(Image-backed grounding data)

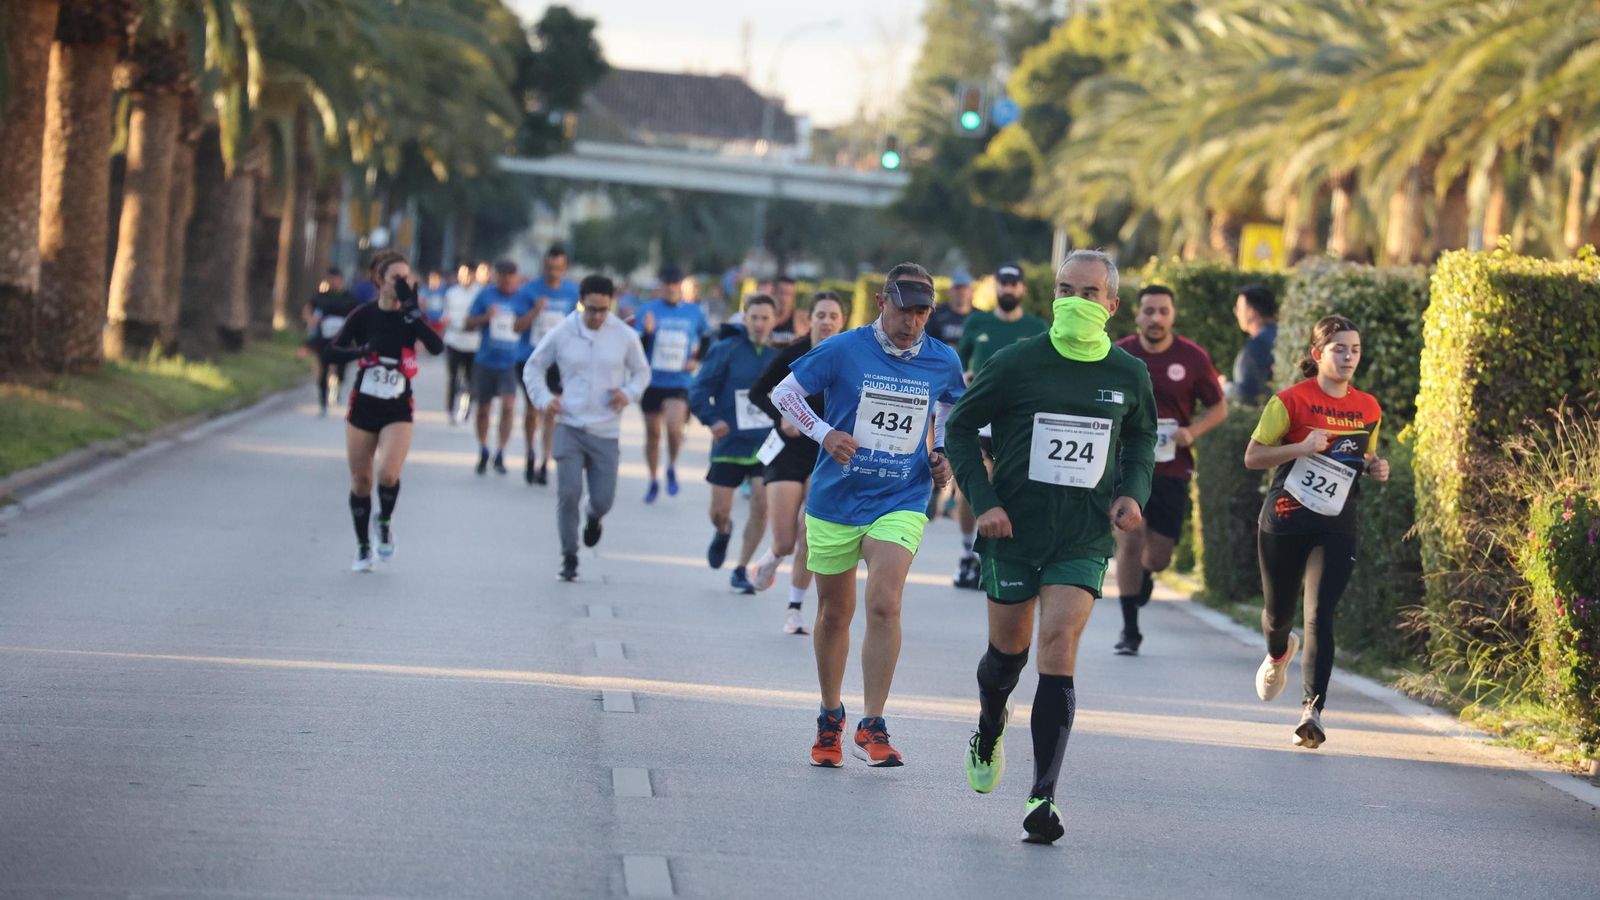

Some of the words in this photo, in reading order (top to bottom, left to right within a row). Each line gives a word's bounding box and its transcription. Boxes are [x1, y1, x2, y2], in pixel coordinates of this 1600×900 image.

[373, 369, 399, 386] 530
[872, 374, 899, 382] CARRERA
[899, 378, 922, 386] URBANA
[862, 380, 897, 391] CIUDAD
[898, 385, 930, 396] JARDÍN
[1311, 405, 1363, 420] Málaga
[871, 411, 912, 434] 434
[1326, 416, 1365, 428] Bahía
[1048, 439, 1094, 463] 224
[1301, 470, 1338, 499] 324

* **Task objective**
Set down every record exactly as written, but drop the pictures.

* **Result**
Some of the words in this photo, in reading order (top to bottom, left to right within a row). Each line gives a word's bounding box and its transcription. Boxes are [x1, y1, x2, y2], in pixel coordinates of this 1600×900 image.

[373, 369, 399, 386] 530
[872, 374, 899, 382] CARRERA
[899, 378, 922, 386] URBANA
[862, 380, 897, 391] CIUDAD
[898, 385, 930, 396] JARDÍN
[1311, 405, 1363, 420] Málaga
[871, 411, 912, 434] 434
[1326, 416, 1365, 428] Bahía
[1048, 439, 1094, 463] 224
[1301, 470, 1338, 499] 324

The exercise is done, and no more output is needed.